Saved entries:

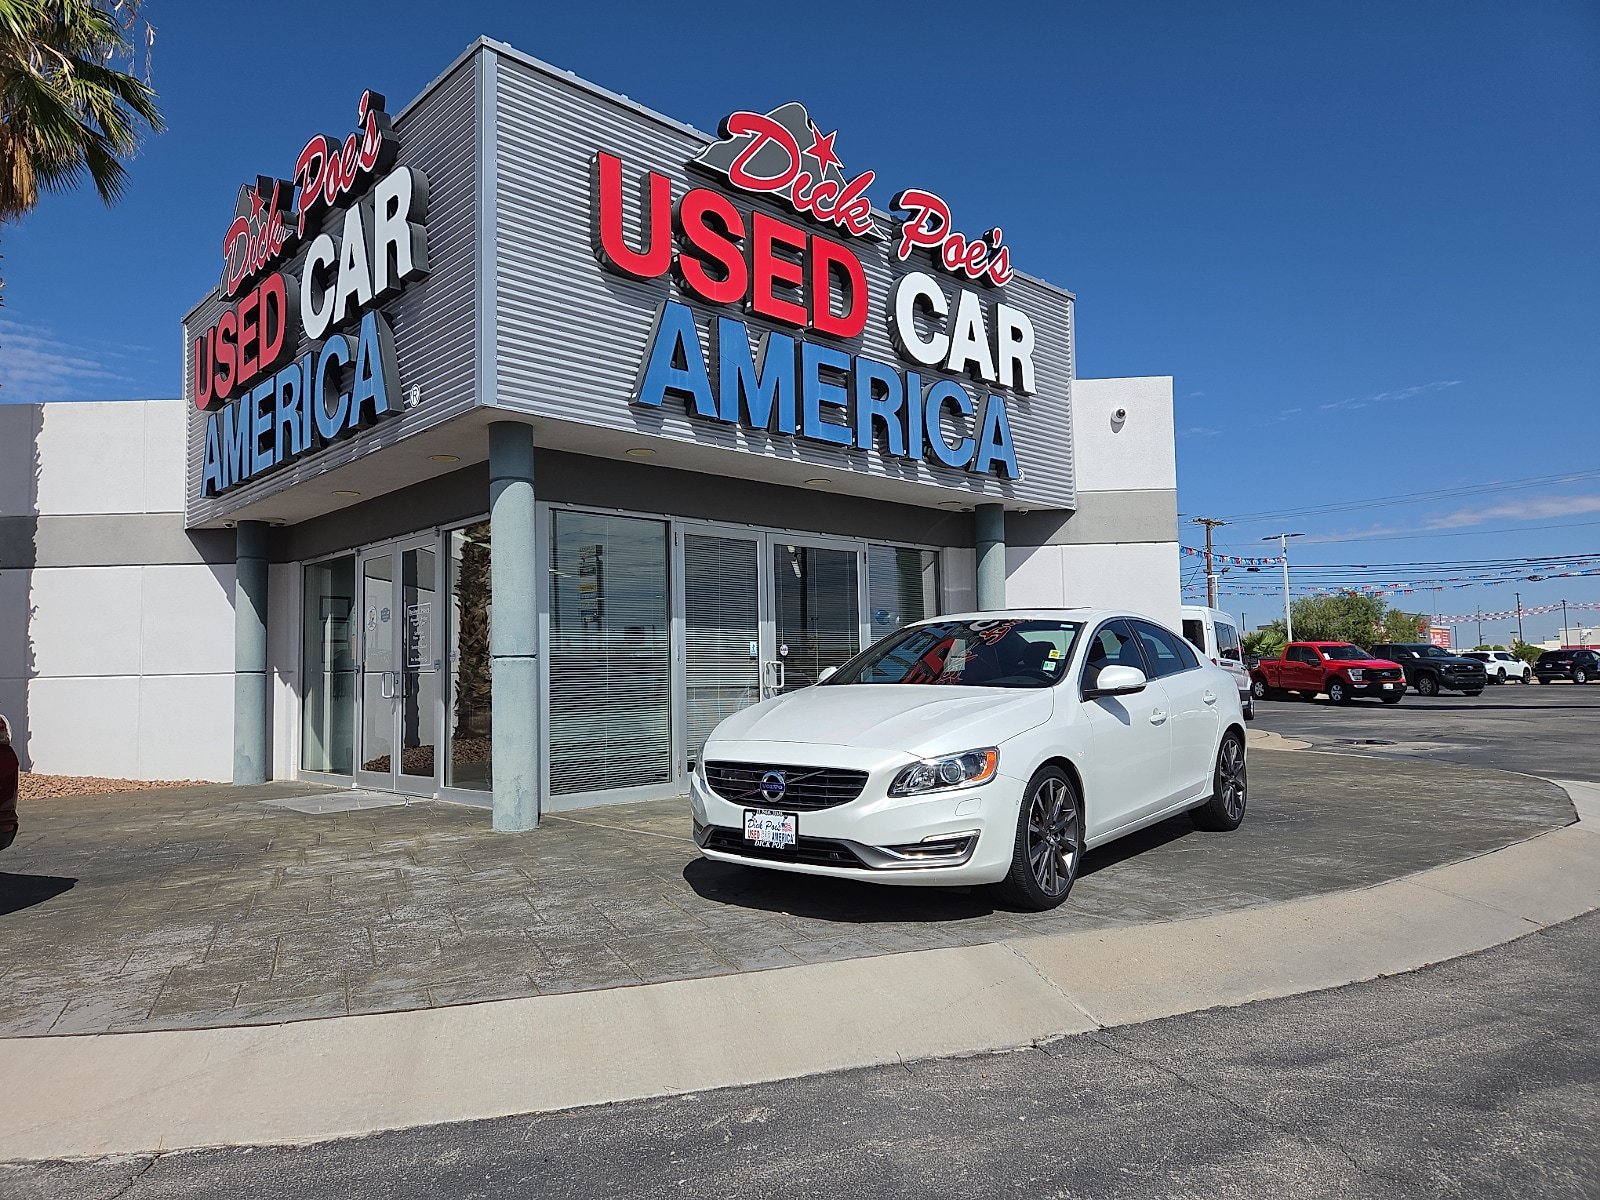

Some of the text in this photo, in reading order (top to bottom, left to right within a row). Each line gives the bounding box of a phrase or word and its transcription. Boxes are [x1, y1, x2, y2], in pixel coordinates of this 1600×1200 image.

[223, 88, 382, 297] Dick Poe's
[598, 151, 1037, 396] USED CAR
[726, 110, 1014, 288] Dick Poe's
[194, 165, 414, 411] USED CAR
[201, 310, 389, 499] AMERICA
[636, 299, 1020, 482] AMERICA
[747, 818, 763, 830] Dick
[747, 829, 761, 840] USED
[771, 832, 794, 844] AMERICA
[754, 840, 786, 850] DICK POE
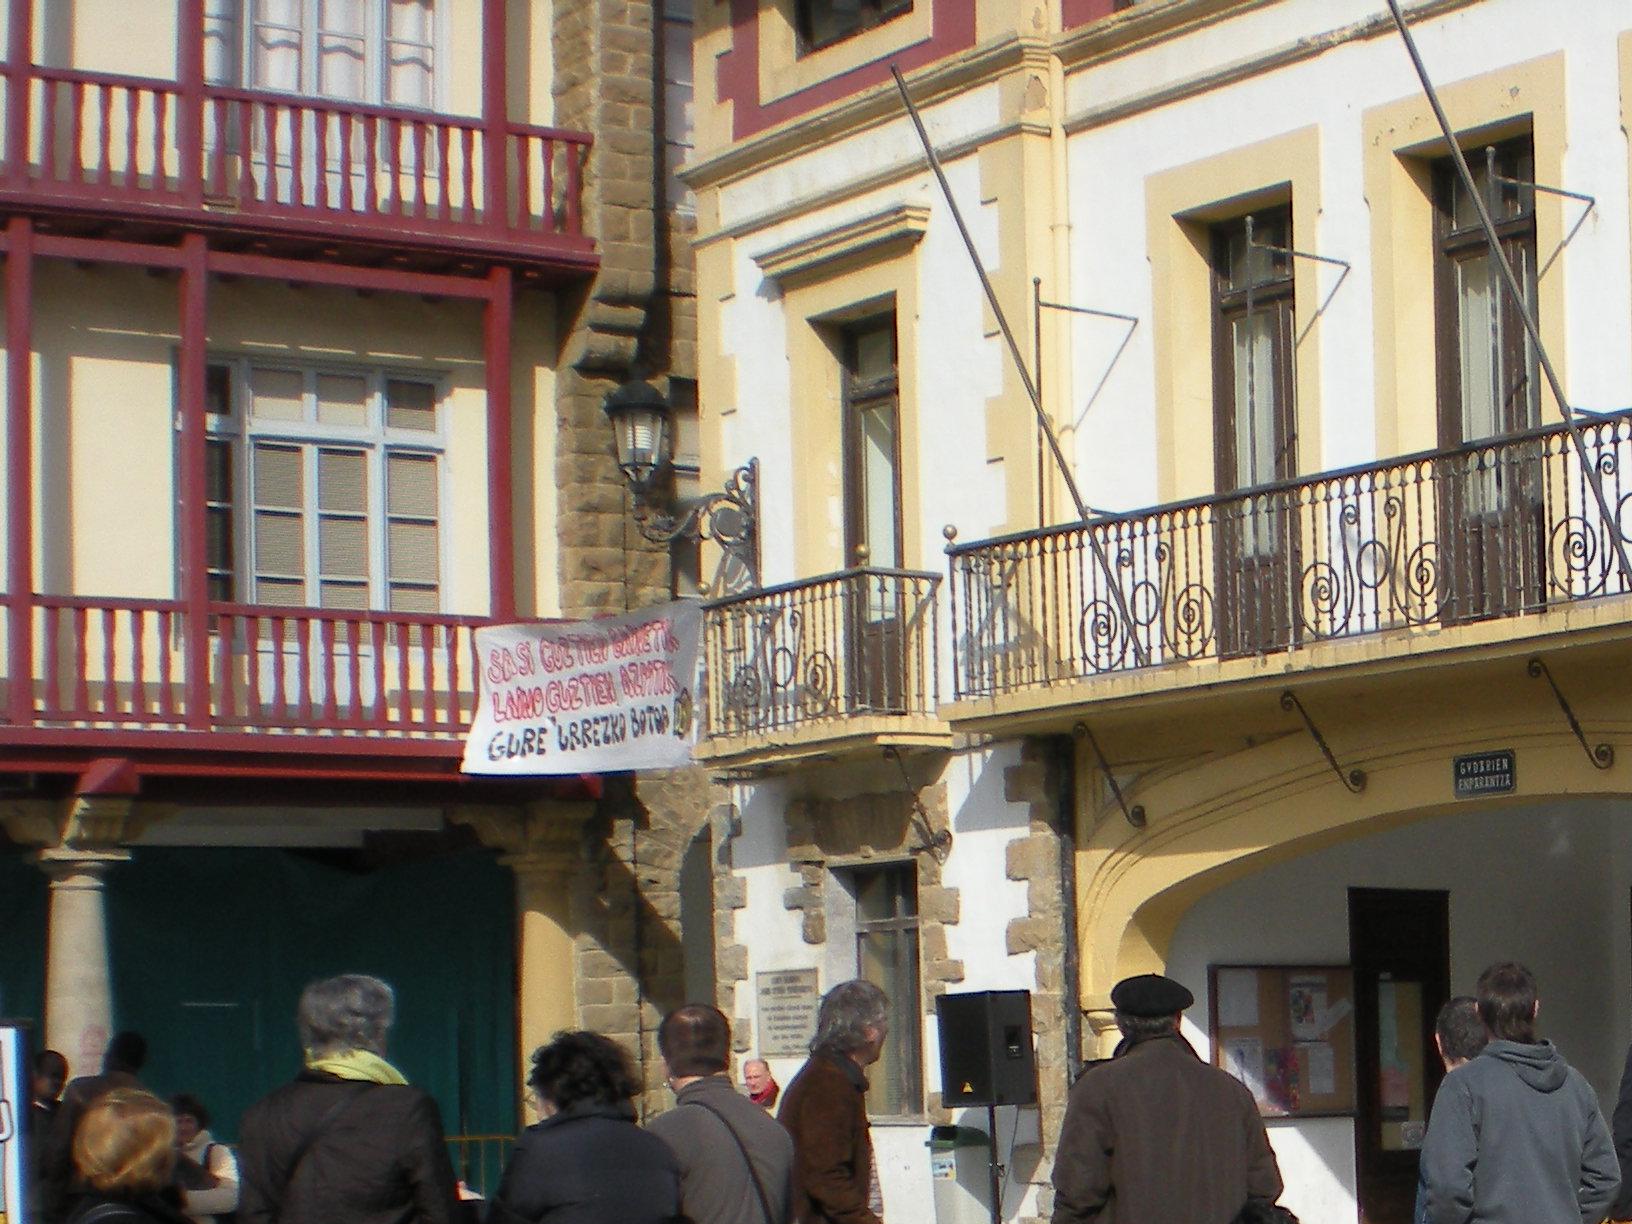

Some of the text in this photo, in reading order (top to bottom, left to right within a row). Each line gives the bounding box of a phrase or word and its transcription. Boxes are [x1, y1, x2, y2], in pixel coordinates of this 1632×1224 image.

[488, 642, 536, 684] SASI
[545, 673, 617, 713] GUZTIEN
[488, 727, 547, 761] GURE
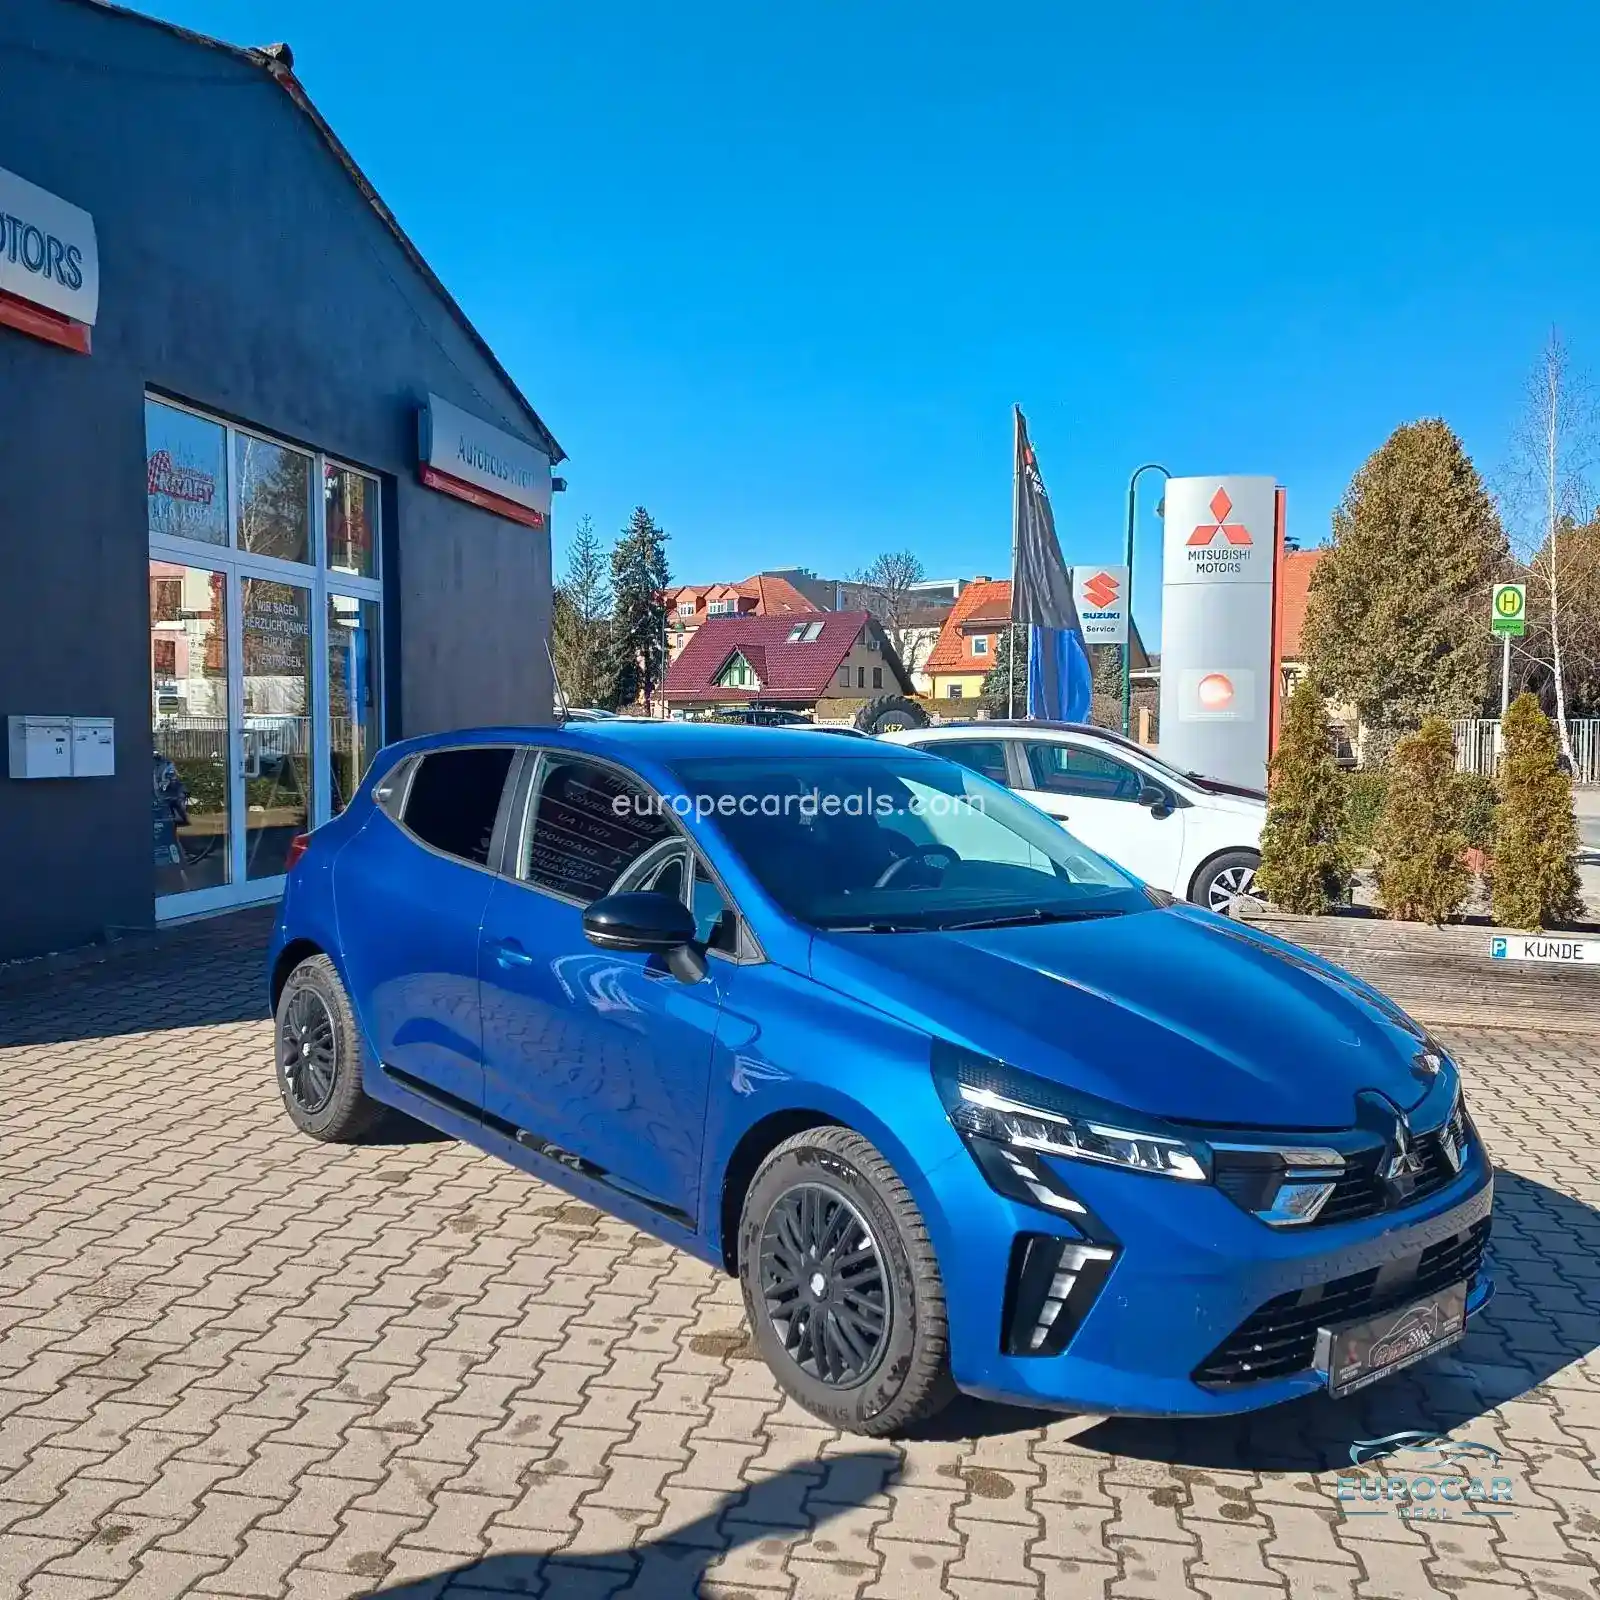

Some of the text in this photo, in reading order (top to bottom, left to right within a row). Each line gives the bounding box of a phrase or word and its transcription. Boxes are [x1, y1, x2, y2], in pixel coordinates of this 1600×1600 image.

● What to do:
Transcribe the records verbatim and omit the images.

● Your solution:
Some of the text in this photo, in reading order (top to bottom, left to right within a row). Each line gives the bounding box of a phrase or word and its transcription. Boxes are [x1, y1, x2, y2], in pixel coordinates of this 1600×1200 image.

[223, 88, 382, 297] Dick Poe's
[598, 151, 1037, 396] USED CAR
[726, 110, 1014, 288] Dick Poe's
[194, 165, 414, 411] USED CAR
[201, 310, 389, 499] AMERICA
[636, 299, 1020, 482] AMERICA
[747, 818, 763, 830] Dick
[747, 829, 761, 840] USED
[771, 832, 794, 844] AMERICA
[754, 840, 786, 850] DICK POE

Some of the text in this photo, in reading order (top to bottom, left to right within a row). Each line gives the bounding box of a phrase or word and its transcription. Boxes are [x1, y1, x2, y2], in pixel coordinates of this 1632×1224 image.

[488, 642, 536, 684] SASI
[545, 673, 617, 713] GUZTIEN
[488, 727, 547, 761] GURE

Some of the text in this photo, in reading order (top to bottom, left to right within a row). Each line gives the bounding box of a phrase or word and its transcription. Boxes are [x1, y1, x2, y2], in pixel coordinates of this 1600×1600 image.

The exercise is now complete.